- BoJack (right) overhears a woman (left) mocking him whilst on the phone. The scene has been described as a way to look into the character of BoJack.
- Episode no.: Season 1 Episode 2
- Directed by: J. C. Gonzalez
- Written by: Raphael Bob-Waksberg
- Production code: 102
- Original release date: August 22, 2014
- Running time: 25 minutes

Guest appearances
- Rachel Bloom as Laura; Judy Greer as Pam; Wendie Malick as Beatrice Horseman; Minae Noji as Ayako;

Episode chronology
| ← Previous "BoJack Horseman: The BoJack Horseman Story, Chapter One" | Next → "Prickly-Muffin" |
- BoJack Horseman (season 1)

= BoJack Hates the Troops =

"BoJack Hates the Troops" is the second episode of the first season of the American animated television series BoJack Horseman. It was released in the United States, along with the rest of season one, via Netflix on August 22, 2014. The episode was written by series creator Raphael Bob-Waksberg and directed by J. C. Gonzalez. In the episode, BoJack unintentionally gets into an altercation with a war veteran over muffins. Following this, BoJack receives widespread backlash from the public, and must repair his reputation.

Rachel Bloom, Judy Greer, Wendie Malick, and Minae Noji provided voices in guest appearances in the episode. "BoJack Hates the Troops" was conceived early into the series' development, as a potential episode if it was picked up. A version of the episode was created for the series' pilot presentation. Upon reading the script, Will Arnett was convinced to join the series, as it had him "immediately laughing".

It was met with polarizing reviews from critics upon release, being labeled the worst episode of the season by some, and the best by others. The episode has been called a commentary on jingoism, and a parody of the "media crusade". Its premise has also been likened to those of a sitcom episode, such as Curb Your Enthusiasm.

== Plot ==
In a cold opening, BoJack goes to a bar for a drink, and is mocked by a group of young women. After BoJack insults one of them, the two end up having sex. Waking up, he finds his ghostwriter Diane and her fiancee Mr. Peanutbutter in his house. BoJack also discovers his roommate Todd has eaten all of his Toaster Strudels, and so he goes to the supermarket to buy more.

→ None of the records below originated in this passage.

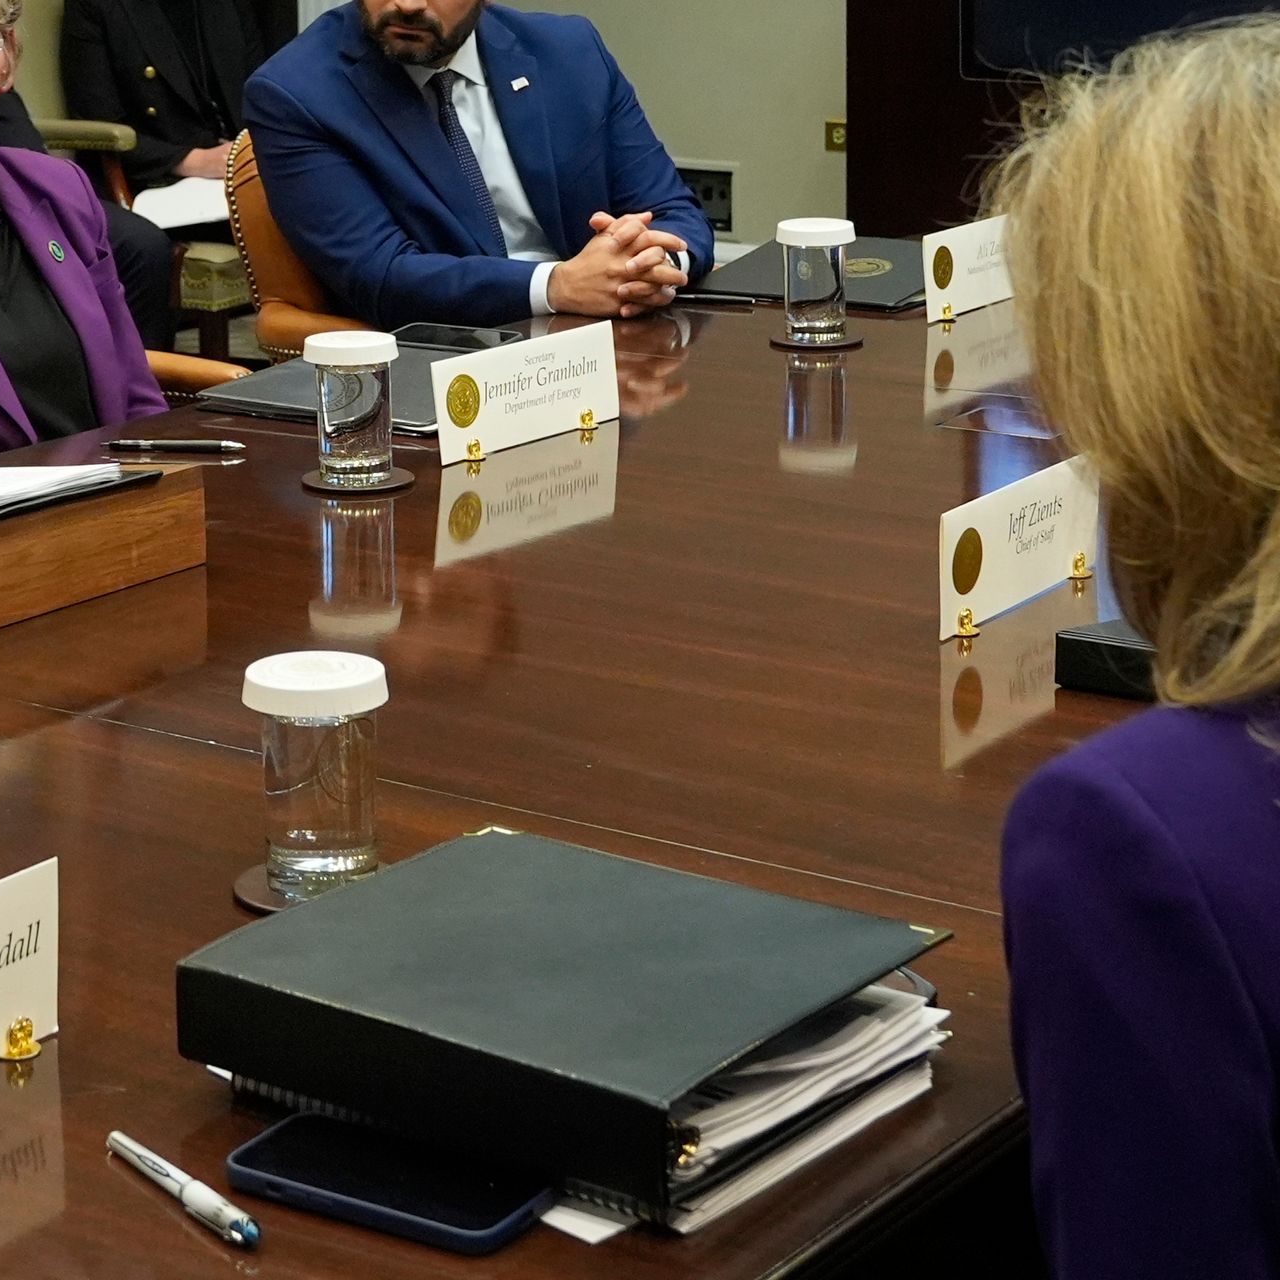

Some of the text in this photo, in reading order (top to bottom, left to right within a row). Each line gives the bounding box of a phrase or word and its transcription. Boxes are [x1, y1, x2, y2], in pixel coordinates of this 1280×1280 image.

[524, 351, 556, 366] Secretary
[484, 356, 598, 406] Jennifer Granholm
[504, 386, 582, 415] Department of Energy
[1008, 495, 1063, 542] Jeff Zients
[1016, 524, 1056, 554] Chief of Staff

While at the market, BoJack gets into an altercation at a grocery store with a seal named Neal over muffins, particularly on who had "dibs" on the muffins. BoJack and Diane continue to write his memoir, where he tells Diane of his traumatic childhood. Before they can continue, BoJack discovers Neal has gotten the news involved, and is also both a Navy SEAL and a veteran of the Afghanistan war.

BoJack, trying to rectify the situation publicly, calls the news station; He only makes it worse when he tells them of how he ate all the muffins. In a separate interview, he implies all veterans are jerks, causing the muffins story to spread throughout Hollywood. BoJack hides at Diane's house until everyone forgets about the drama. BoJack's agent Princess Carolyn is able to get him a meeting with Neal, in which he will give him more muffins as an apology. Mr. Peanutbutter offers to host this meeting on his new reality series Mr. Peanutbutter and Jelly, an idea BoJack reluctantly agrees to.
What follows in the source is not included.